Terrence Malick’s epic was panned by some and booed at Cannes but for ambition, scope and sheer beauty movie experiences don’t come much better than this. Continue reading

THE DUDE ON A HORSE

The Dude as The Duke

When I heard that The Coen Brothers were doing a remake of the John Wayne classic True Grit, my first reaction was “I’ve got a bad feeling about this” ( to coin the catchphrase of Bollo The Gorilla from The Mighty Boosh)

This trepidation was based on the fact that my least favourite Coens film to date is The Ladykillers which was a pale imitation of the original Ealing Comedy with Tom Hanks hamming up the role immortalised by Sir Alec Guinness.

But after learning that Jeff Bridges  was taking the Wayne part of Rooster Cogburn I started to come around to the idea.

Continue reading

A SERIOUS MAN

Jews are just like everybody else.
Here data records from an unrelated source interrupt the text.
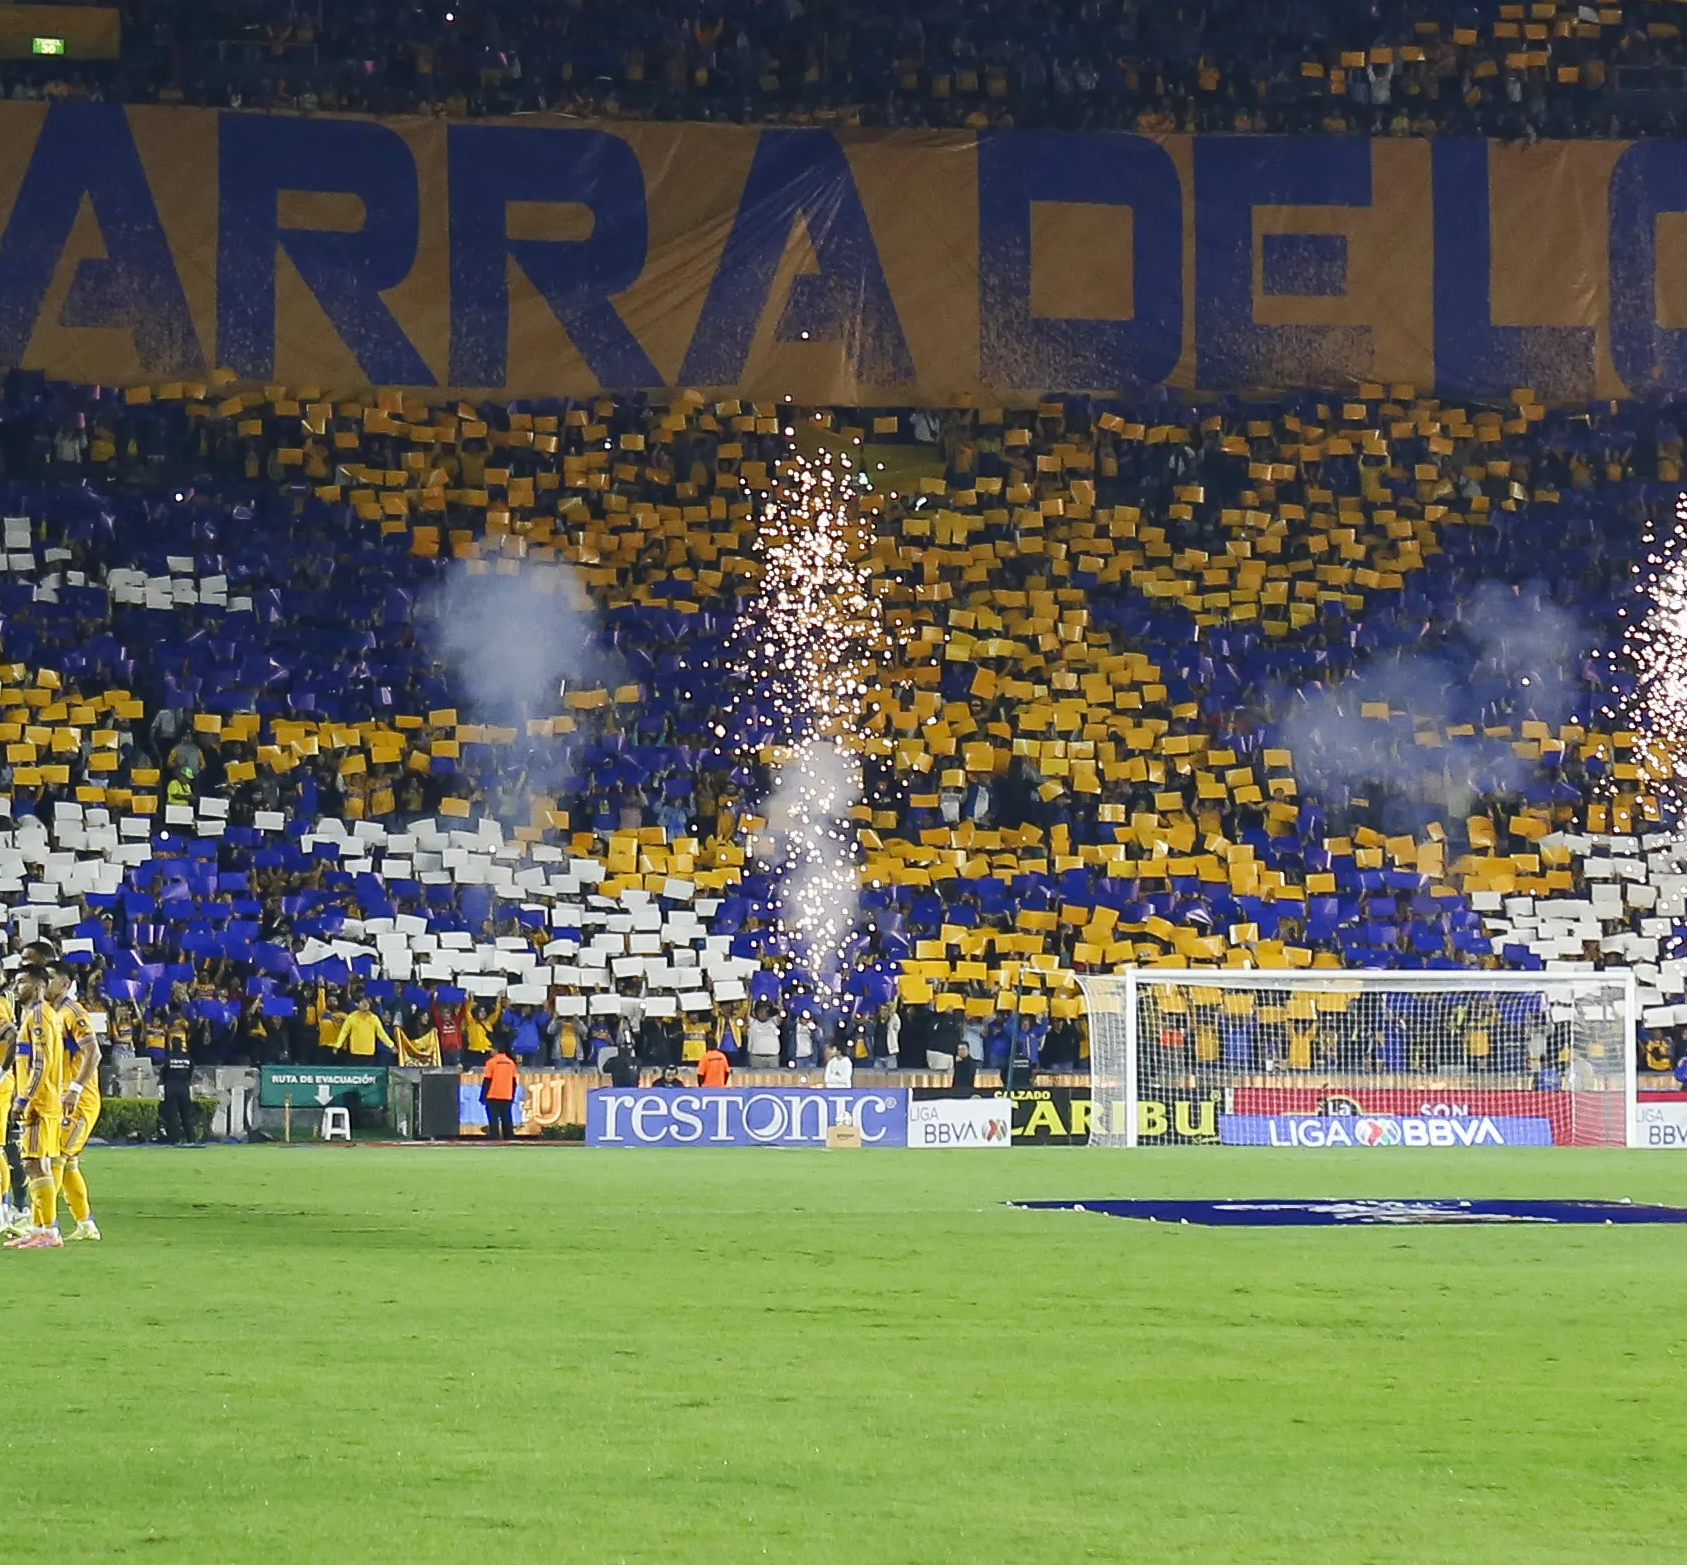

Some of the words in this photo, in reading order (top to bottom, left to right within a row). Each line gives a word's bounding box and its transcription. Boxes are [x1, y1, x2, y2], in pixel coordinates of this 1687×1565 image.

[978, 131, 1374, 393] DE
[271, 1075, 299, 1084] RUTA
[299, 1075, 314, 1084] DE
[315, 1073, 376, 1085] EVACUACIÓN
[909, 1106, 939, 1123] LIGA
[1420, 1103, 1469, 1117] SON
[924, 1120, 977, 1144] BBVA
[1269, 1119, 1352, 1147] LIGA
[1402, 1117, 1505, 1147] BBVA
Only more so.”- Dorothy Parker

What’s great about The Coen Brothers is that they never repeat themselves or pander to popular taste. They make movies they want to and are not afraid to mystify their audience. This is not done with any arty farty pretentiousness but out of a realisation that life doesn’t provide the easy solutions or self contained narratives that more mainstream cinema presents.
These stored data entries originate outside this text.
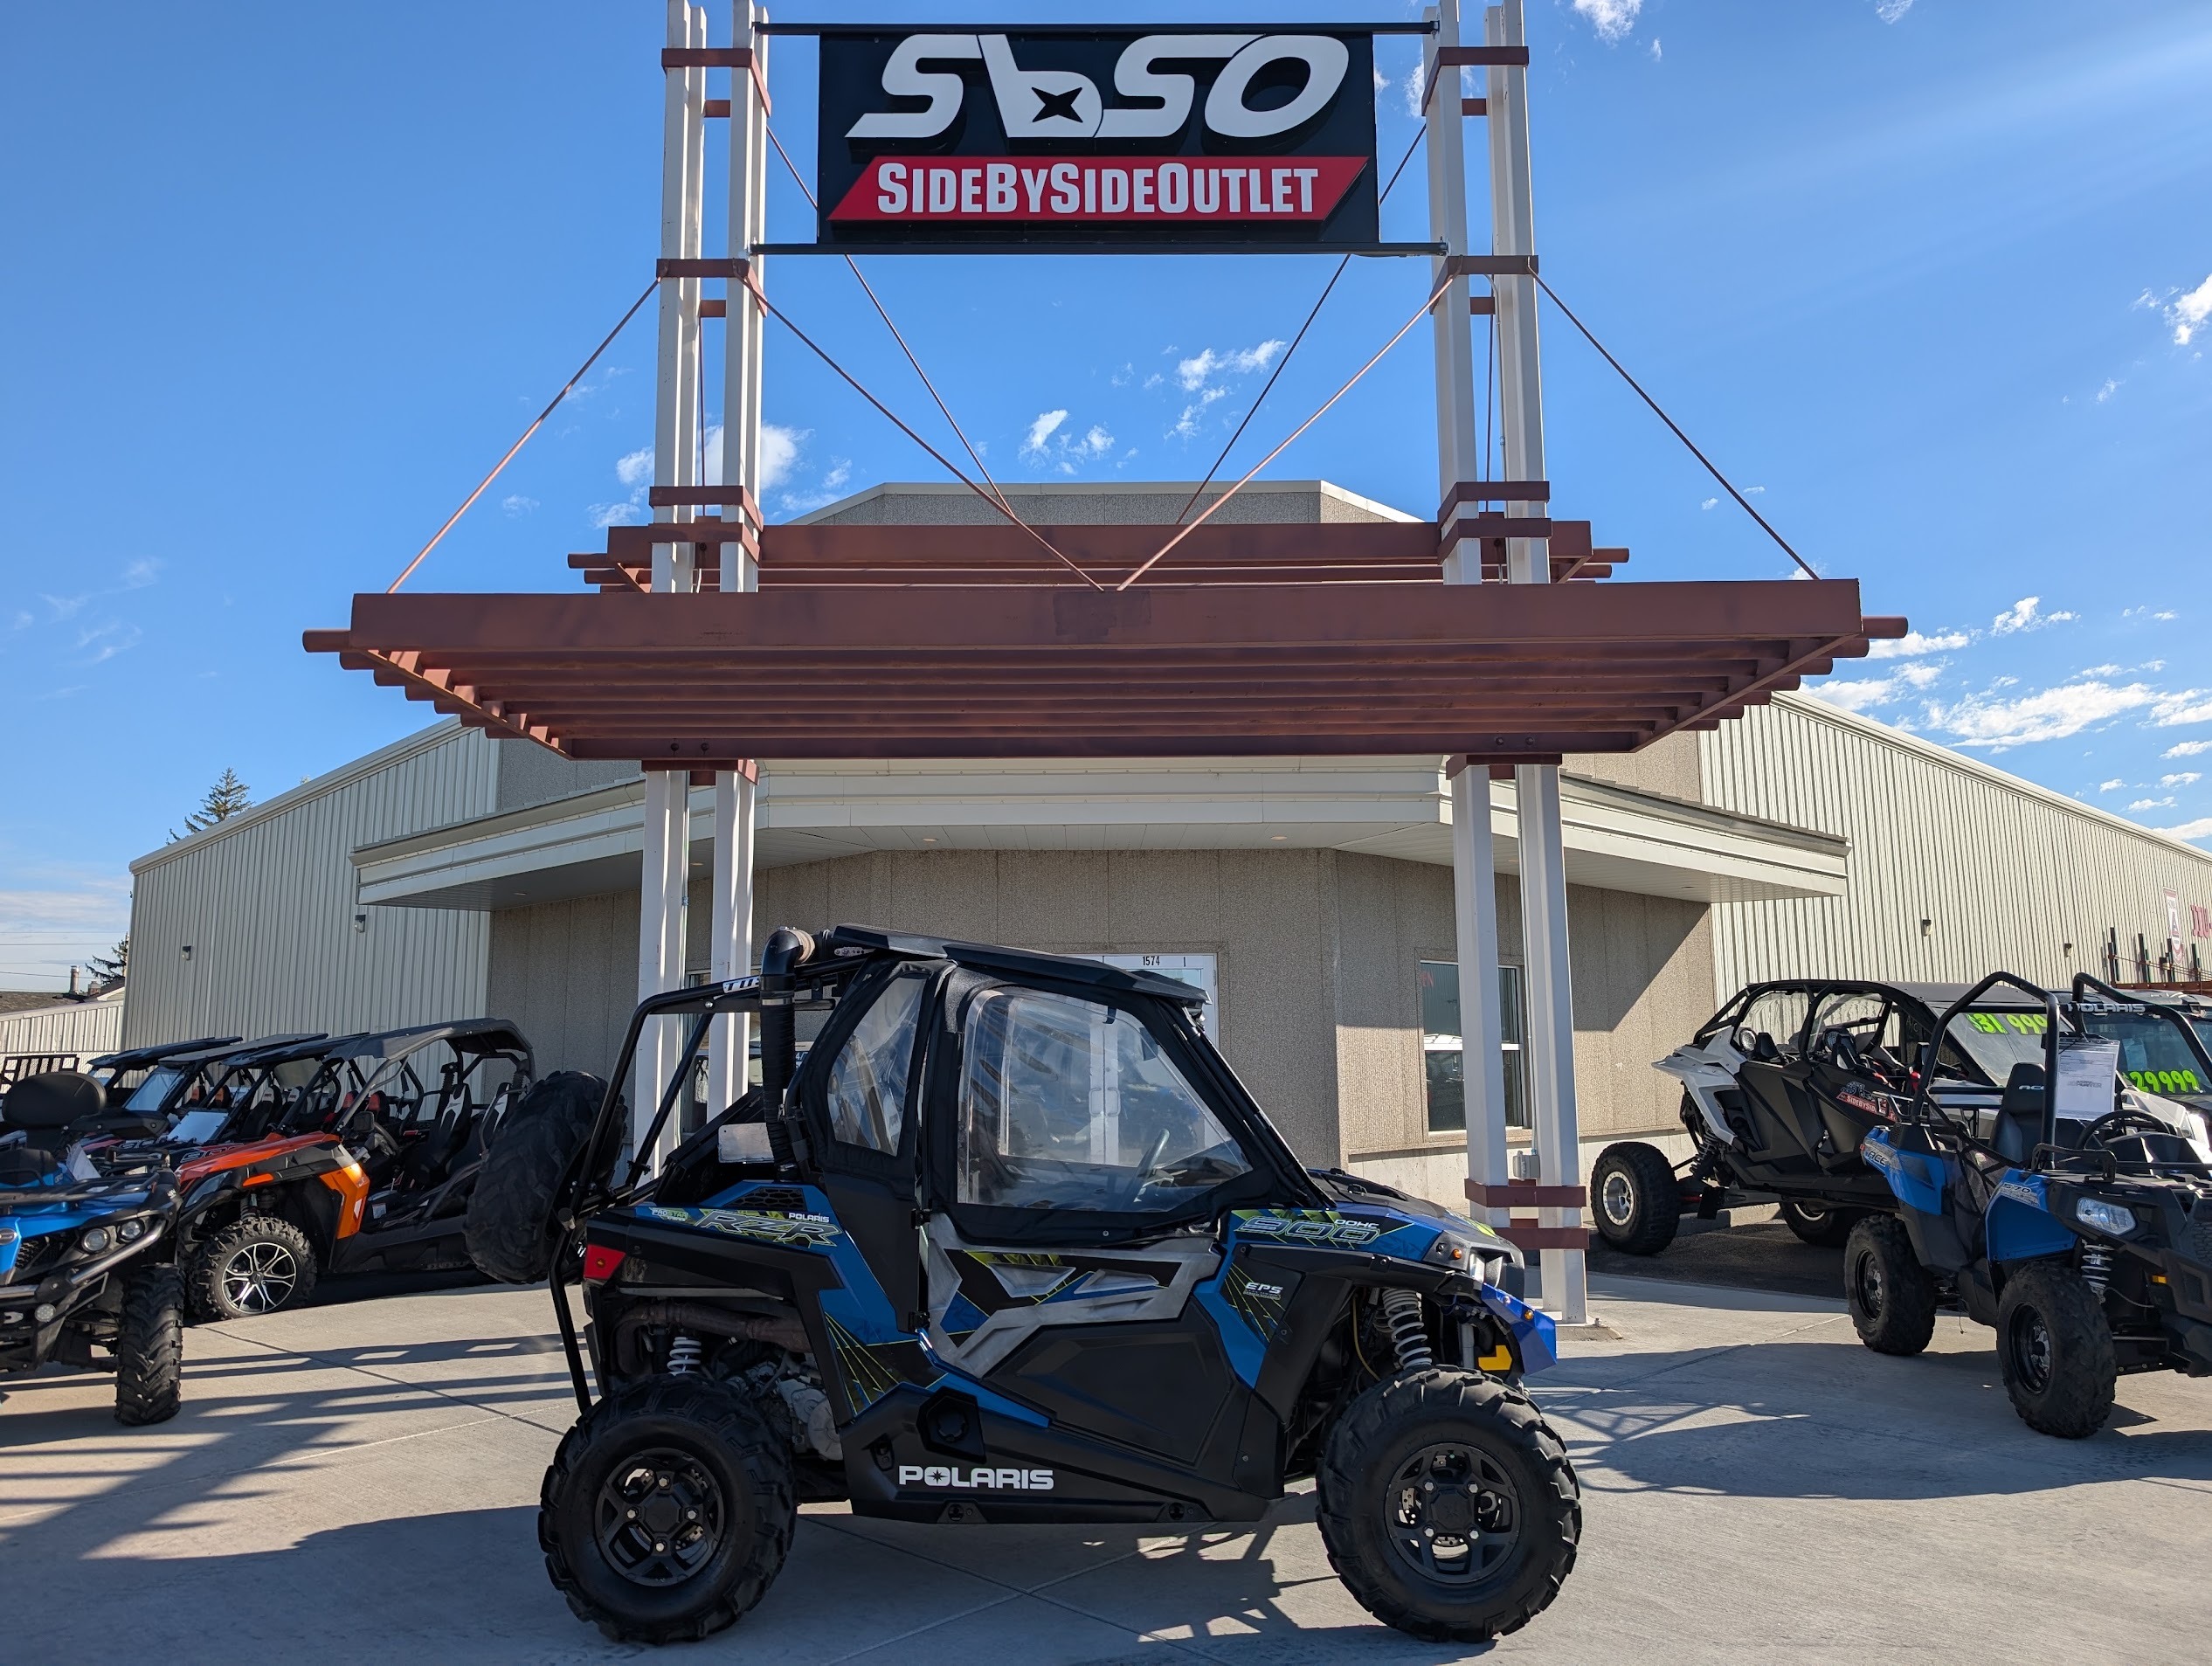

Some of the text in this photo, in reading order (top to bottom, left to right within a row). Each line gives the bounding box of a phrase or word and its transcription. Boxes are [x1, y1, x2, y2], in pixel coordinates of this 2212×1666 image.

[1143, 956, 1160, 966] 1574
[1868, 1151, 1887, 1166] ACE
[2002, 1183, 2031, 1194] 570
[788, 1212, 830, 1223] POLARIS
[695, 1210, 842, 1247] RZR
[1235, 1216, 1380, 1244] 900
[1246, 1282, 1284, 1294] EPS
[899, 1465, 1054, 1490] POLARIS
After their star-studded comedy ‘Burn After Reading’, the easy option would have been to repeat the anarchic slapstick formula and laugh all the way to the bank. The Coens preserve their reputation for independence, innovation and all round strangeness with their latest movie ‘A Serious Man’.

Set in 1967 in the American mid-west, it centres on the Jewish subculture which has obvious connections with the Coens own upbringing. Although their own father – like the main character- was a University professor Ethan & Joel deny that it is intended as an autobiographical film. And as the disclaimer indicates  (“No Jews were harmed in the making of this motion picture”), it is an affectionate portrayal of this largely hidden community.
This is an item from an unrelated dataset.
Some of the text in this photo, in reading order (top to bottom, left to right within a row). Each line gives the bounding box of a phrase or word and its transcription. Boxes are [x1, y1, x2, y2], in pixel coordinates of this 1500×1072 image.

The movie is deliberately un-star-studded as it features a largely unknown cast. At its centre is Michael Stuhlbarg as Larry Gobnik, a physics professor, who encounters a catalogue of mishaps that turn his safe suburban existence upside down.

We first see him having a medical check up after which he is told he has no health worries. Later he receives a phone message from the doctor which refers to ‘unjust results’.  As the Kaftaesque series of minor catastrophes mount up, he becomes increasingly desperate. His domestic and professional life begins to fall apart and his attempts to get help from a legal advisors and rabbis fail to provide a solution.

His life could be seen as a metaphor for an unjust fate. Believers might argue that this was some sort of penance for past sins committed but it really just shows that however righteous and unselfish you are, terrible, tragic things can befall you anyway.

His increasingly desperate cry is “I haven’t done anything” and it is far from clear how we, the viewers, can interpret his plight. Is it the wrath of God or simply the consequence of his being a man incapable of overcoming setbacks?

Also, what are we supposed to make of the opening scene (in Yiddish) in which a wife suspects the man her husband has befriended is a dybbuk (a malevolent ghost) and plunges a screwdriver into his chest to prove her point?  The Coen Brothers, in typically enigmatic fashion, have said that they chose this scene not because it had any link with what followed but because it set the right tone.

What’s the message behind a Rabbi’s tale of a Jewish dentist who discovers the message ‘save me’ written on the teeth of a non Hebrew patient?

Like the God Larry appeals to, there are many questions and no answers. The sum total of the advice he receives is to let the mystery be and try to get a sense of perspective is.

This great movie is further proof (as if you needed it) that The Coen Brothers stand head and shoulders above other film makers working today.